| Exercise material |
^^^^
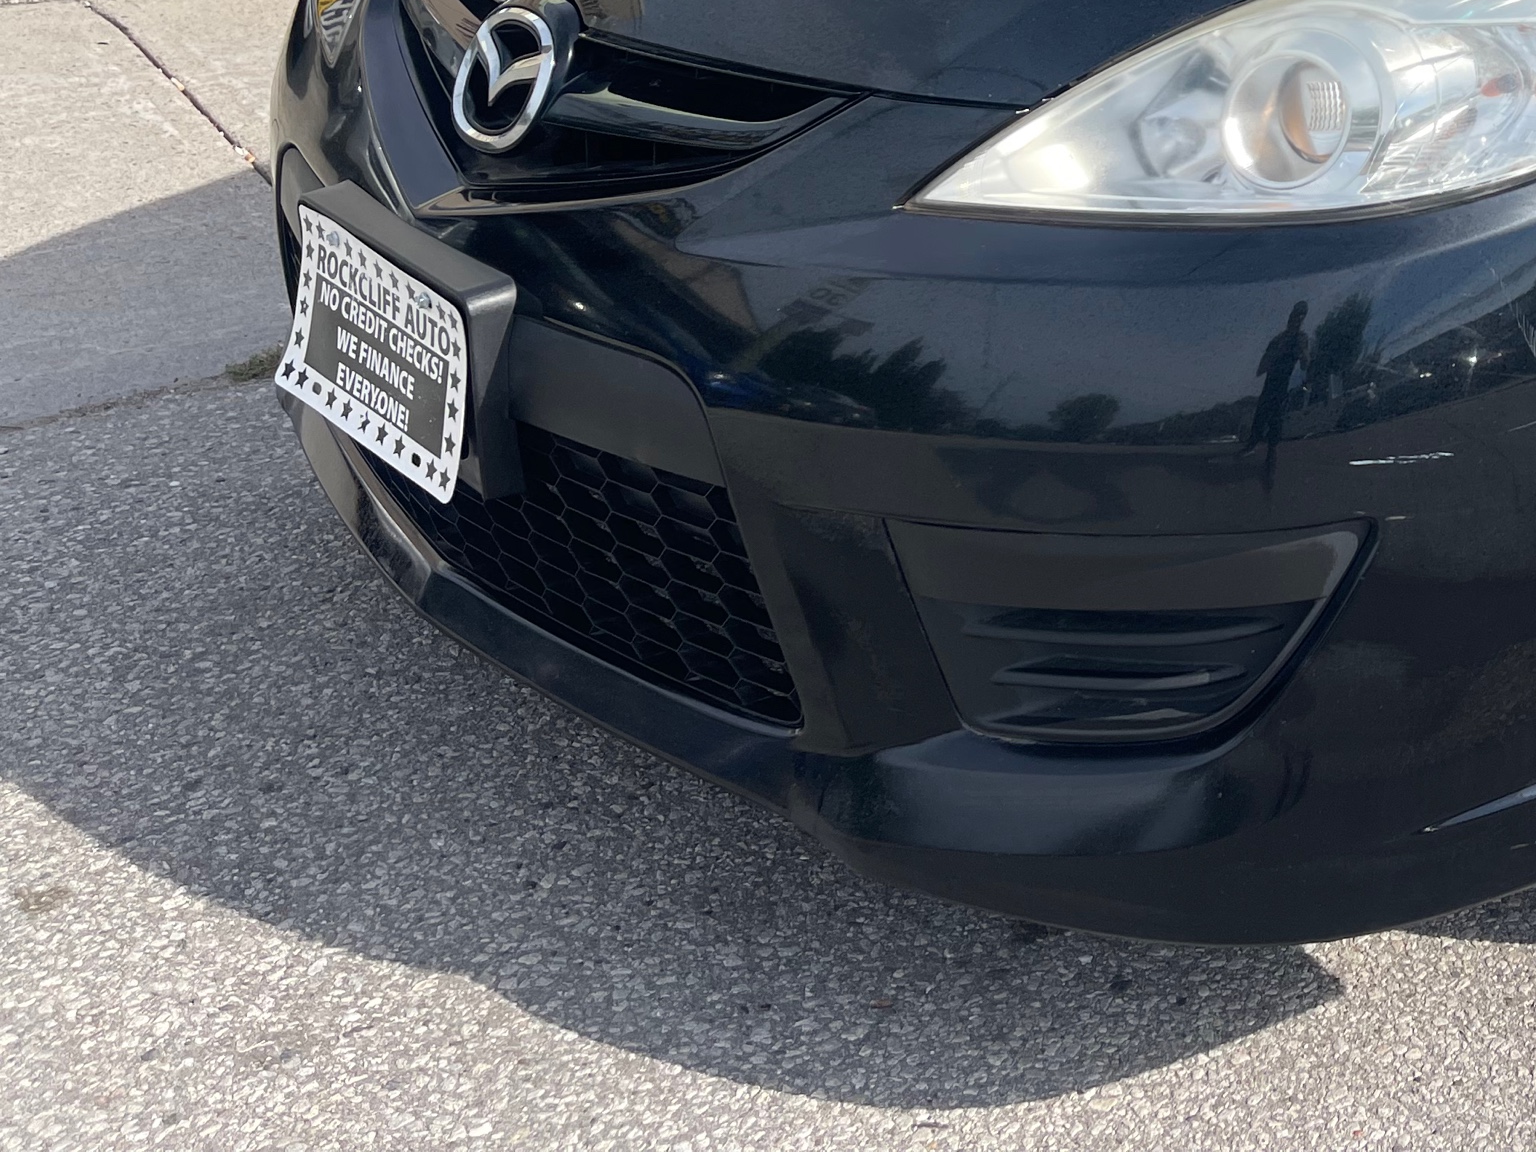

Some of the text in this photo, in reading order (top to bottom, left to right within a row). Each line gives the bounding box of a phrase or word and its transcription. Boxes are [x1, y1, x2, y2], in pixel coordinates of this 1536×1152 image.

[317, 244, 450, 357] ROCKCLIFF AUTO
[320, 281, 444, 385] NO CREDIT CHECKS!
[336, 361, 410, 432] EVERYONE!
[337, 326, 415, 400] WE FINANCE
^^^^
| Task requirements |
Please output the listing above in full, exactly as given, without its images.

| Result of the exercise |
Some of the text in this photo, in reading order (top to bottom, left to right within a row). Each line gives the bounding box of a phrase or word and its transcription. Boxes are [x1, y1, x2, y2], in pixel coordinates of this 1536×1152 image.

[317, 244, 450, 357] ROCKCLIFF AUTO
[320, 281, 444, 385] NO CREDIT CHECKS!
[336, 361, 410, 432] EVERYONE!
[337, 326, 415, 400] WE FINANCE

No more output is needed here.